‘Remove the homeless before royal wedding’ council leader beats confidence vote
Simon Dudley said police should use their powers under the 1824 Vagrancy Act and the Anti-Social Behaviour, Crime and Policing Act 2014 to “protect residents and tourists”.
A council leader who suggested rough sleepers in Windsor be moved on ahead of the royal wedding has survived a vote of no confidence.
Conservative Simon Dudley said beggars could present the town in a “sadly unfavourable light” when Prince Harry marries American actress Meghan Markle in May.
He drew criticism from figures including Prime Minister Theresa May after a letter to police earlier this month, in which he complained about “aggressive begging and intimidation”, and “bags and detritus” on the streets.
Councillor Asghar Majeed, who quit the Conservative party group last week in protest, says Mr Dudley has embarrassed "the royal family, the Prime Minister, our borough, our residents...the list goes on and on." pic.twitter.com/MpnJtB1ZLG— Catherine Wyatt (@catherinehwyatt) January 29, 2018
But at an extraordinary meeting of the Tory-led council on Monday, councillors defeated a motion accusing Mr Dudley of bringing the authority “into disrepute” by 43 votes to 9.
Mr Dudley had told the meeting: “I categorically disagree with the motion. I think it’s driven by personal issues from some individuals which are longstanding and well known by this council.”
Mr Dudley had urged police to use their powers under the 1824 Vagrancy Act and the Anti-Social Behaviour, Crime and Policing Act 2014 to “protect residents and tourists”.
I am at Maidenhead Town Hall where council leader Simon Dudley faces a vote of no confidence after he suggested rough sleepers in Windsor are moved on ahead of Prince Hary and Meghan Markle's wedding pic.twitter.com/PhlRzhHrcV— Catherine Wyatt (@catherinehwyatt) January 29, 2018
Last week he survived an attempt within his own Conservative group to oust him.

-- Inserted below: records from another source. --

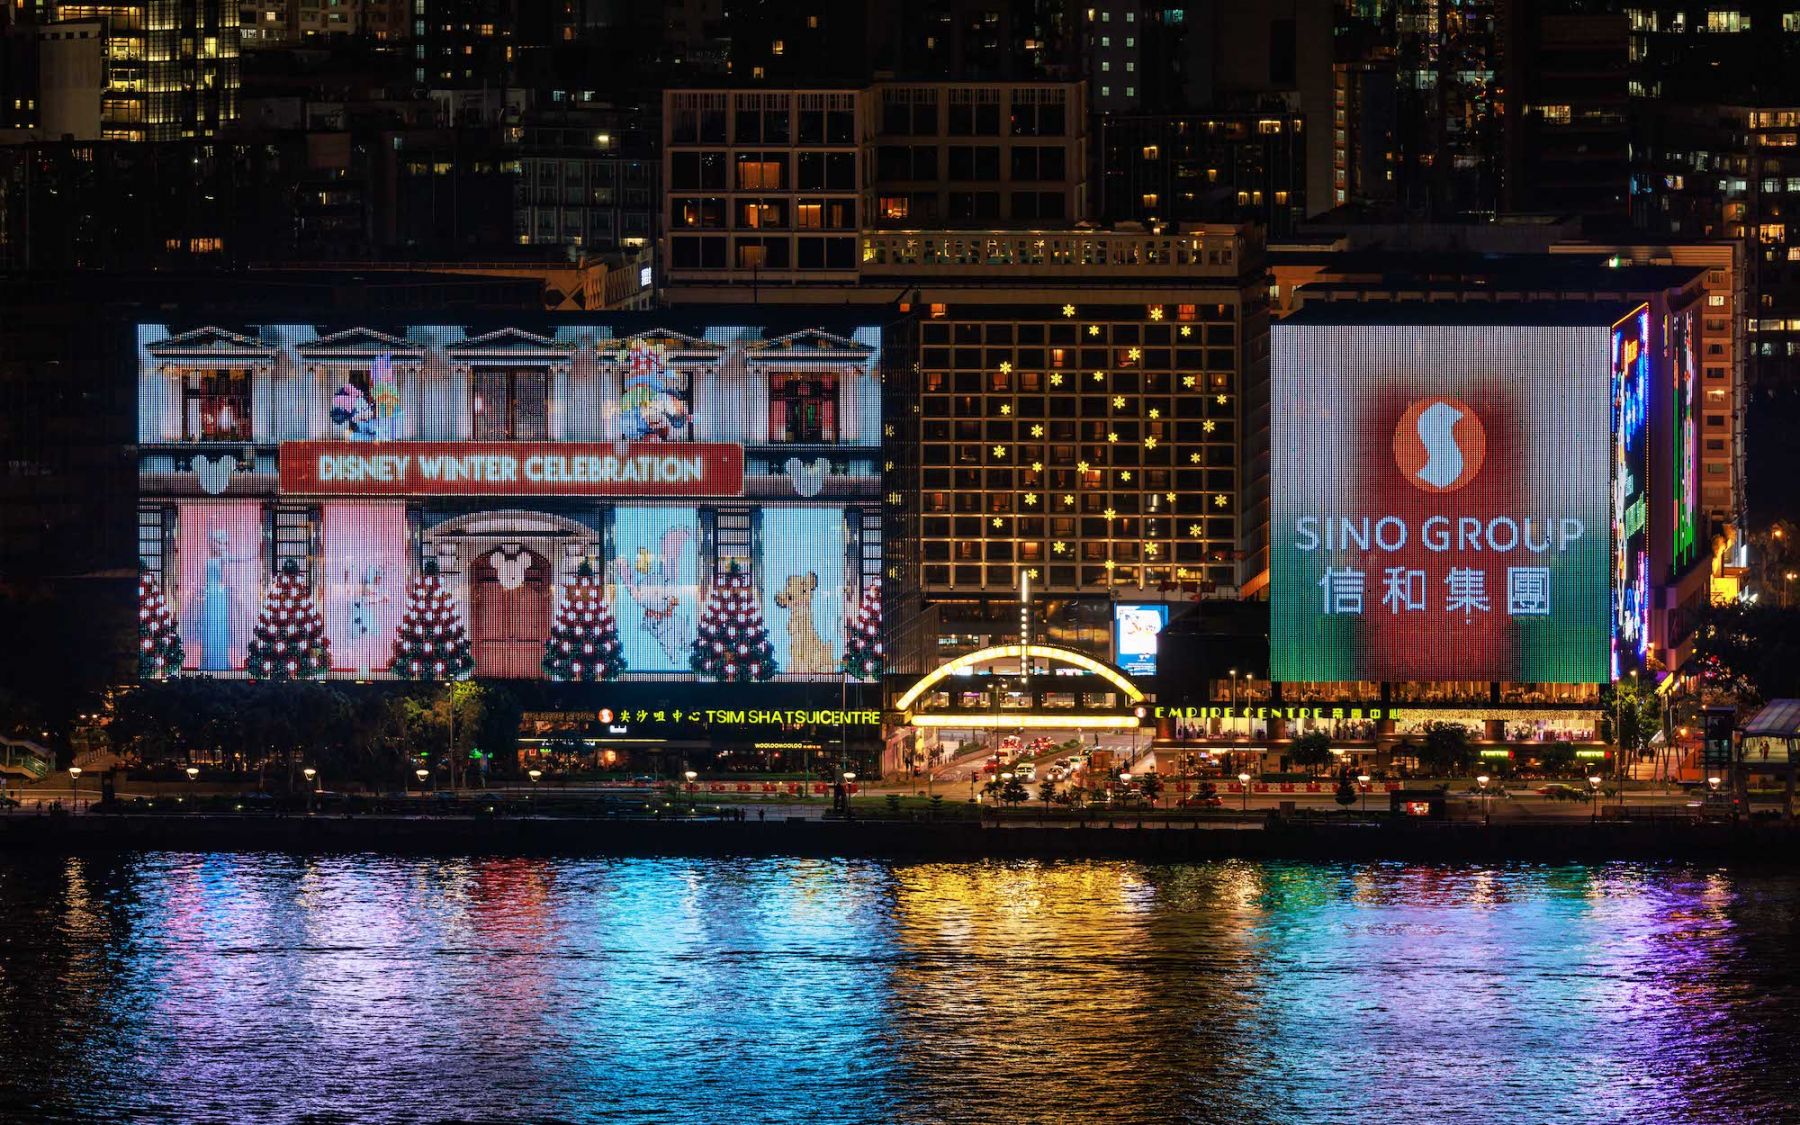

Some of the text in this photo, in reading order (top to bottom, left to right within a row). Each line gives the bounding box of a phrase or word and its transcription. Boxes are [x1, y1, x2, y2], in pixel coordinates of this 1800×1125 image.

[318, 455, 703, 482] DISNEY WINTER CELEBRATION
[1295, 515, 1408, 552] SINO
[1421, 515, 1585, 552] GROUP
[1318, 565, 1551, 616] 信和集團
[705, 710, 745, 725] TSIM
[1155, 707, 1323, 719] EMPIRE CENTRE
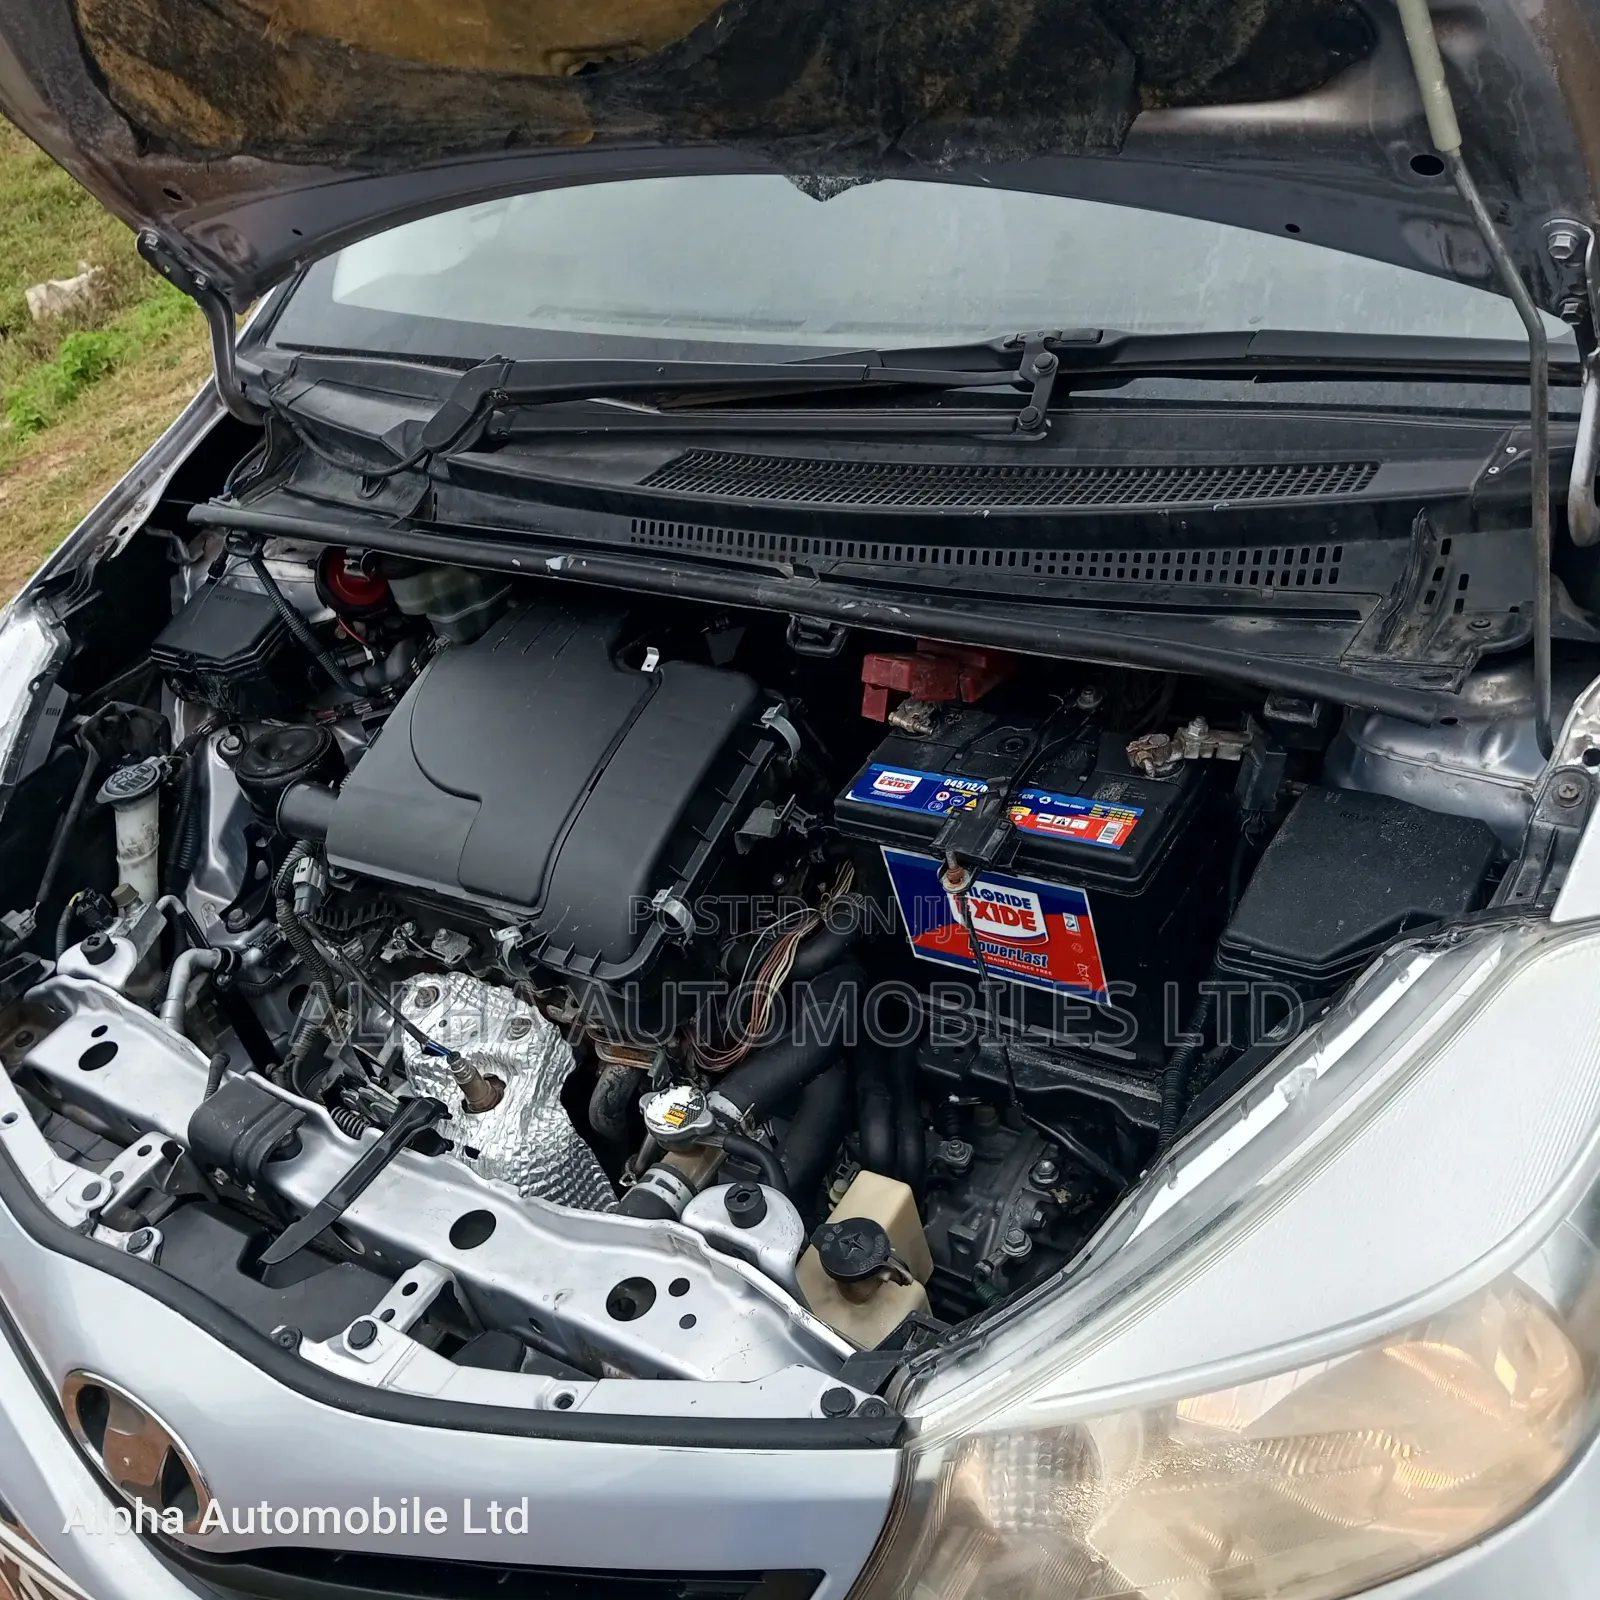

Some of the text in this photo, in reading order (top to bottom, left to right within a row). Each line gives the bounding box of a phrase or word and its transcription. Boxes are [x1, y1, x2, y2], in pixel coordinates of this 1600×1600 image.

[878, 778, 914, 790] EXIDE
[1340, 811, 1378, 823] RELAY
[965, 886, 1031, 910] HLORIDE
[987, 955, 1035, 972] MAINTENANCE
[1035, 967, 1053, 976] FREE
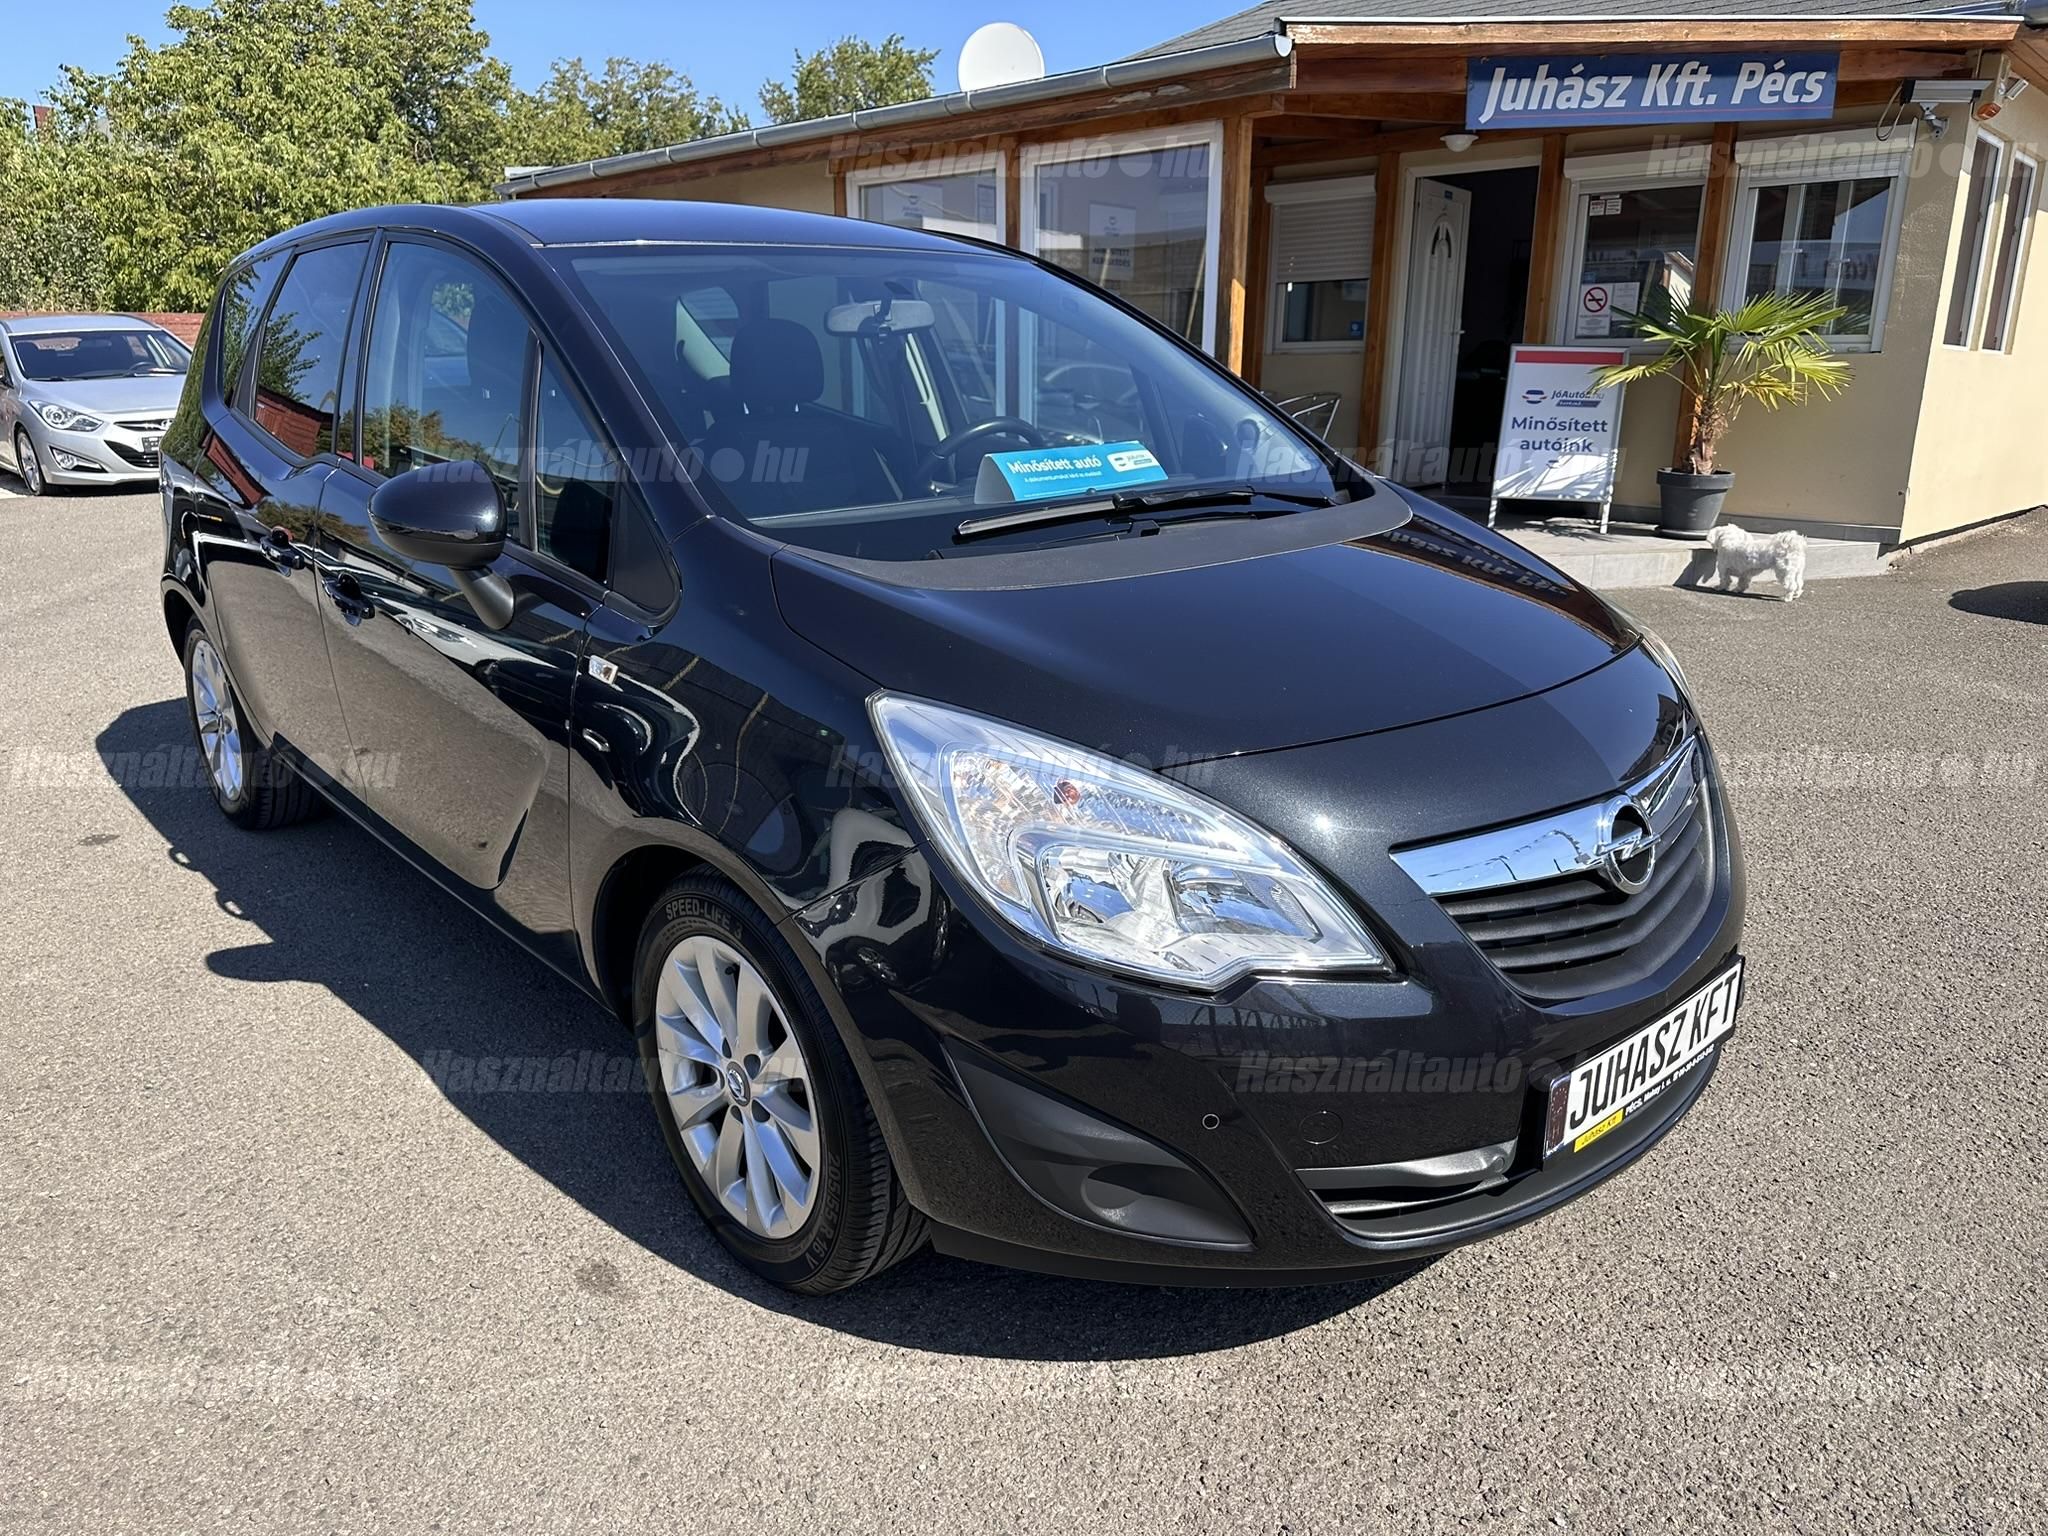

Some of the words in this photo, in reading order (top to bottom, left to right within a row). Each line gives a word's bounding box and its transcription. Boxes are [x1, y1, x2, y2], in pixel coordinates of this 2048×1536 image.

Three councillors, Paul Brimacombe, Asghar Majeed and Geoffrey Hill, quit the party group in protest after last week’s failed vote, choosing to continue as Independent Conservatives.
Councillors in the Royal Borough of Windsor and Maidenhead were summoned to the Monday evening, where it heard public questions and a motion of no confidence.
Mr Majeed told the council meeting that Mr Dudley’s comments were “embarrassing the royal family, the Prime Minister, the borough, our residents, members, officers, the list goes on and on and on.
“Can it be any worse than this in reputational terms? Councillor Dudley has once again shown a complete lack of capacity to deal with sensitive issues.”
The motion voted on, which was proposed by former Tory councillor Claire Stretton, read: “To pass a Motion of No Confidence in the Leader of the Council following events during the week commencing 1/1/18, instigated by statements on Twitter and a letter to the Police & Crime Commissioner by Cllr Simon Dudley, that have brought the council and councillors into disrepute.”
Sadly there is an epidemic of rough sleeping and vagrancy in #Windsor @RBWM. I will be writing to @StansfeldPCC copying @TVP_Chief @Bhupinderrai70 at @ThamesVP @TVP_Windsor asking for them to focus on dealing with this before the #RoyalWedding— Simon Dudley (@MrSimonDudley) December 27, 2017
Please read this letter. My concerns are with antisocial behaviour and the security implications in #Windsor. @RBWM has done much to alleviate #homelessness and we/I will do even more to tackle this national issue. Both with our #RBWM_BLP and other initiatives with the 3rd sector https://t.co/XEsVfzQ5Vv— Simon Dudley (@MrSimonDudley) January 4, 2018
After making the controversial comments, Mr Dudley apologised and said he was not referring to genuine homeless people, and that he regretted referring to Harry and Ms Markle’s wedding at the time.
The couple will marry at St George’s Chapel, Windsor Castle, on May 19.
Protesters had gathered outside Maidenhead Town Hall before the meeting, with Angus Cameron, chairman of the Windsor Labour Party, telling the Press Association Mr Dudley’s views had been “scandalous and very Trumpite”.